--- AIM OF THE EXERCISE ---
Everything in the records must be reproduced exactly, except for the pictures.

--- INFORMATION GIVEN ---
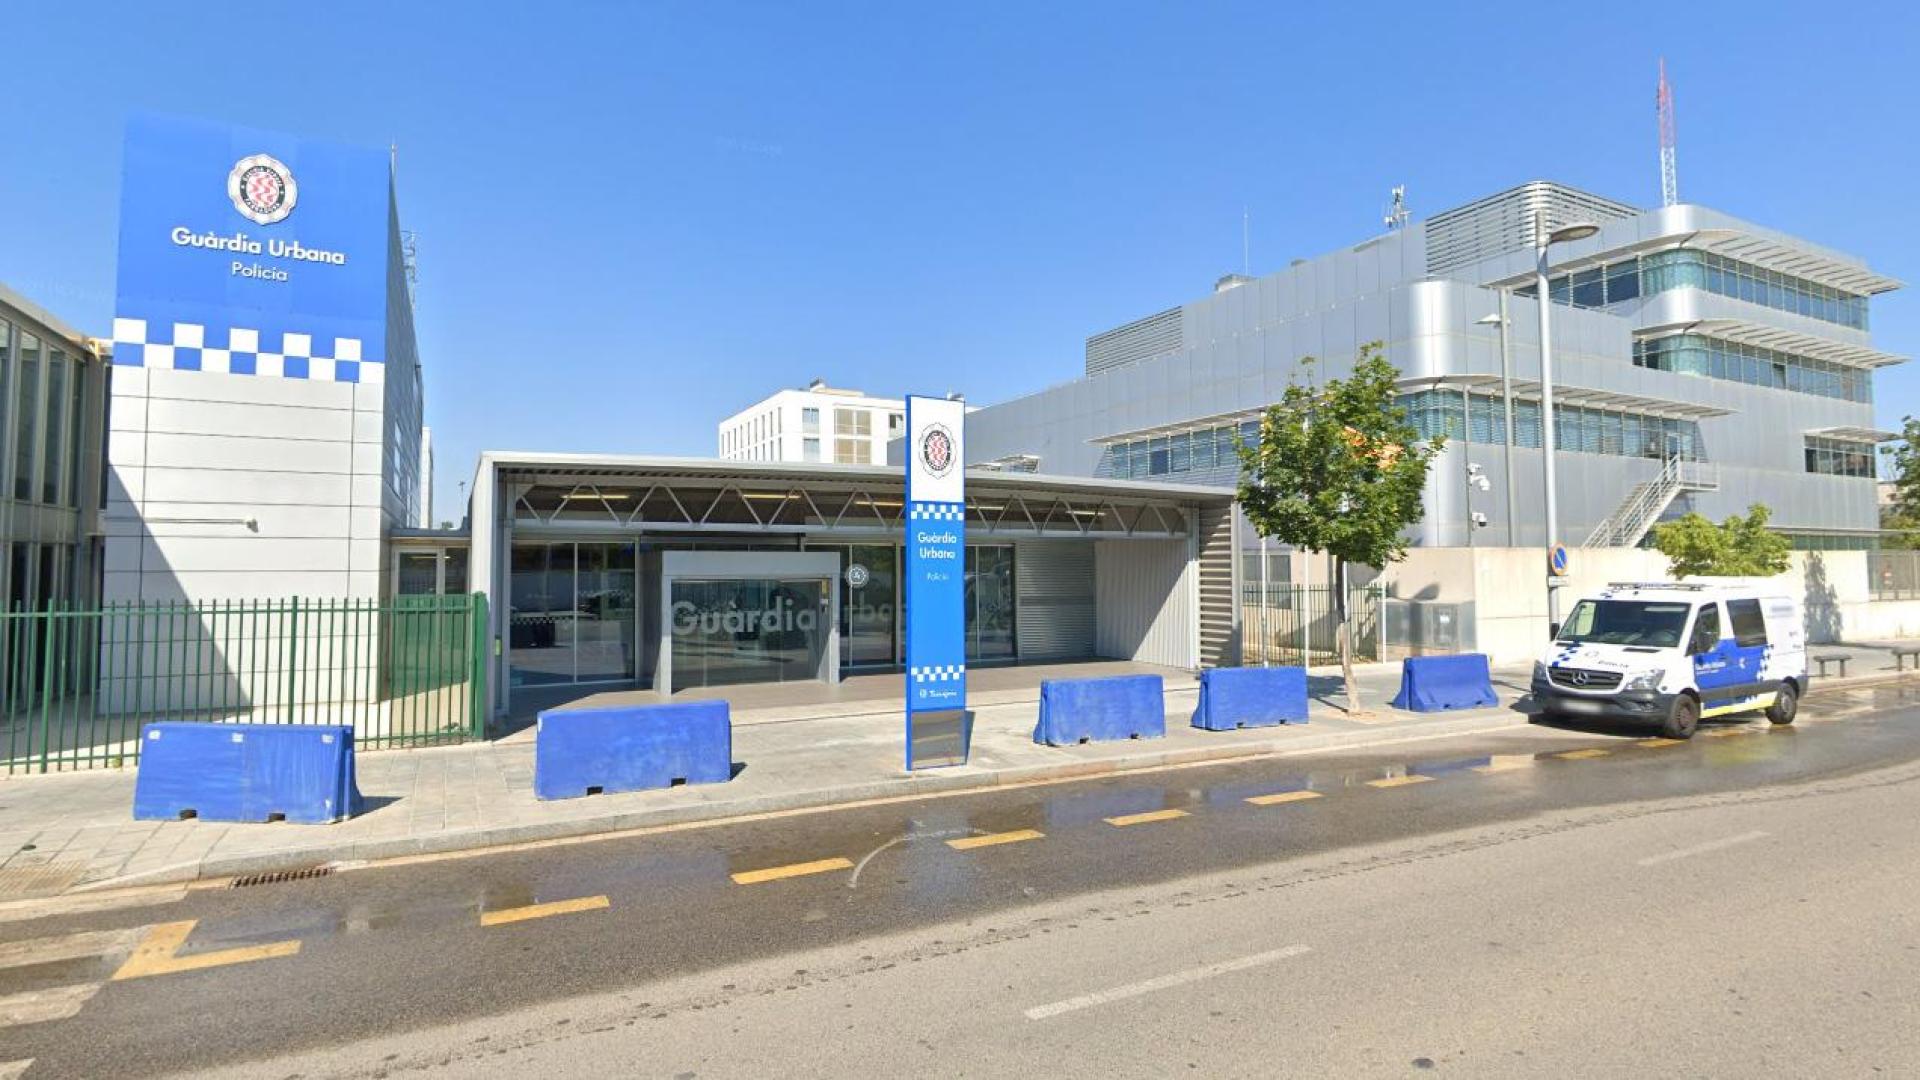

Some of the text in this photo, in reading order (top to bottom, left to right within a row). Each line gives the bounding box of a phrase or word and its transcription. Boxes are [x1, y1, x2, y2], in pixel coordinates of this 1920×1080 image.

[171, 226, 346, 265] Guàrdia Urbana
[231, 261, 288, 282] Policia
[917, 531, 957, 544] Guàrdia
[919, 546, 956, 559] Urbana
[672, 595, 817, 635] Guàrdia

--- EXERCISE RESULT ---
Some of the text in this photo, in reading order (top to bottom, left to right within a row). Each line gives the bounding box of a phrase or word and its transcription. Boxes are [x1, y1, x2, y2], in pixel coordinates of this 1920×1080 image.

[171, 226, 346, 265] Guàrdia Urbana
[231, 261, 288, 282] Policia
[917, 531, 957, 544] Guàrdia
[919, 546, 956, 559] Urbana
[672, 595, 817, 635] Guàrdia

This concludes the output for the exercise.